In the Ears of Horses
by Clint King

Even your gallop cannot drown out the earliest wars or
gunpowder parades tearing past the tympanum.

There is no in-one-and-out-the-other,
you’ve heard every good or bad deed the world has ever done.

You carried an entire planet on your back,
and never even invited their voices above your ears.

You heard the Colorado call out deeper than the ocean
and billions of shooting stars whisper into a wide open plain.

You knew the sound of morning before campfires crackled
and coffee brewed in the deep pine dark.

You twitched for hours, shaking out the forgotten
screams of soldiers, carried inside the bloody buzz of flies.

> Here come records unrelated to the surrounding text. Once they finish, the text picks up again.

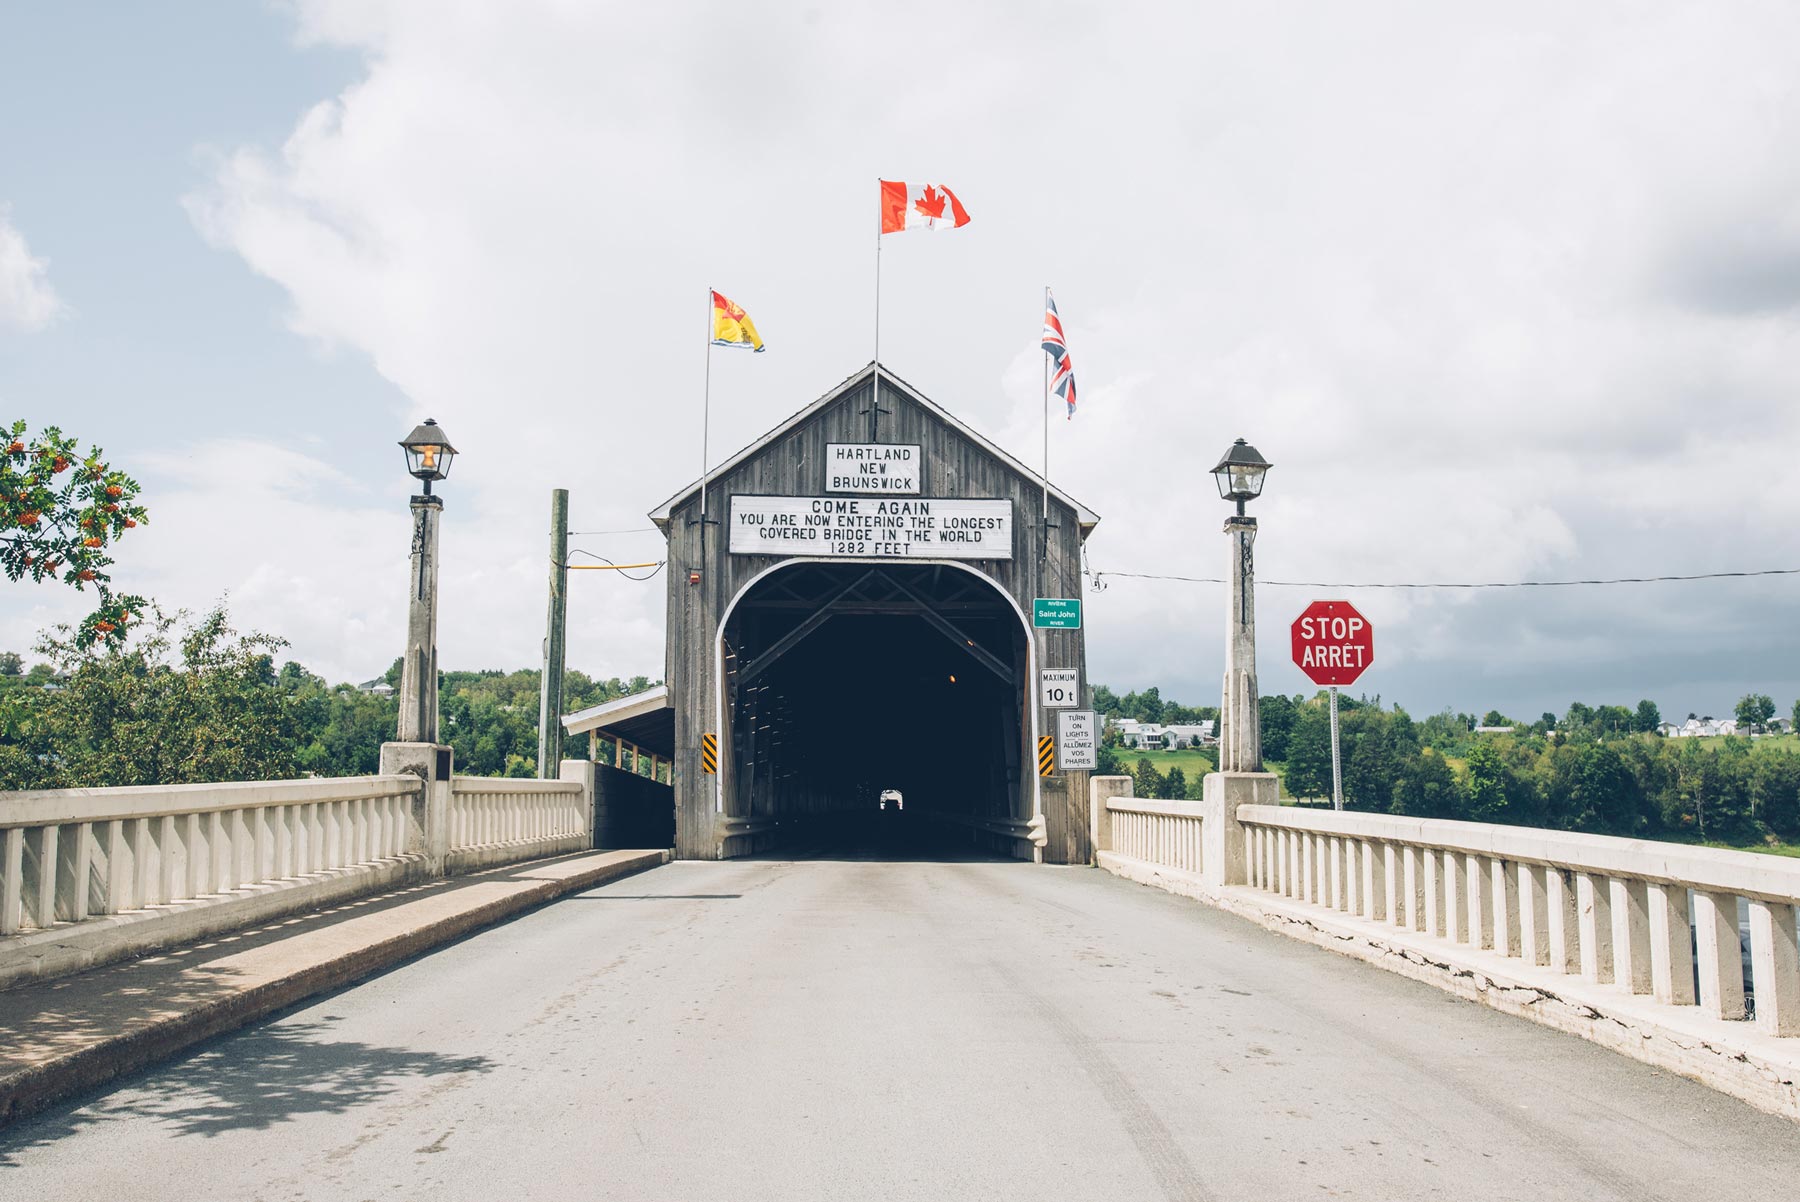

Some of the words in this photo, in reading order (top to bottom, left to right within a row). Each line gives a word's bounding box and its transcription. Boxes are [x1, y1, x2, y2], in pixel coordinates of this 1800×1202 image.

[836, 448, 911, 461] HARTLAND
[860, 463, 887, 474] NEW
[833, 477, 913, 489] BRUNSWICK
[812, 501, 859, 514] COME
[878, 502, 930, 515] AGAIN
[740, 514, 764, 525] YOU
[772, 514, 797, 525] ARE
[804, 515, 830, 526] NOW
[838, 517, 904, 528] ENTERING
[910, 517, 935, 528] THE
[943, 518, 1003, 529] LONGEST
[760, 528, 816, 539] COVERED
[824, 529, 872, 540] BRIDGE
[882, 530, 896, 540] IN
[906, 530, 931, 541] THE
[939, 531, 982, 542] WORLD
[831, 543, 865, 554] 1282
[875, 543, 910, 555] FEET
[1300, 617, 1364, 640] STOP
[1302, 643, 1365, 668] ARRÊT
[1046, 689, 1064, 701] 10
[1068, 691, 1074, 702] t

A cruel joke, to make insects circle and nag so tirelessly,
while the wingless rider mounting you must be reminded to play Mozart.

What was the sound in your heart
when the saddle finally lifted, laid out to dry in the twilight

What is the noise of rest
when you are bare again, and barley breaks between your ancient teeth

What does your own breathing feel like
when all have gone off to sleep, and you are left to drink rivers,
raise your ribs wide enough to brush stars

Do your lungs surprise you?

When you lower your head to drink
are you praying
or letting all the ghosts
finally slide down your neck
into the current

 

Published in Cider Press Review, Volume 25, Issue 3.

Clint King, born in Indiana, was selected as a finalist for the Emerging Writer Award by the Key West Literary Seminar and studied with Billy Collins at the Southampton Writers Conference. Clint lives in California, where he is at work on a collection of poems and a novel.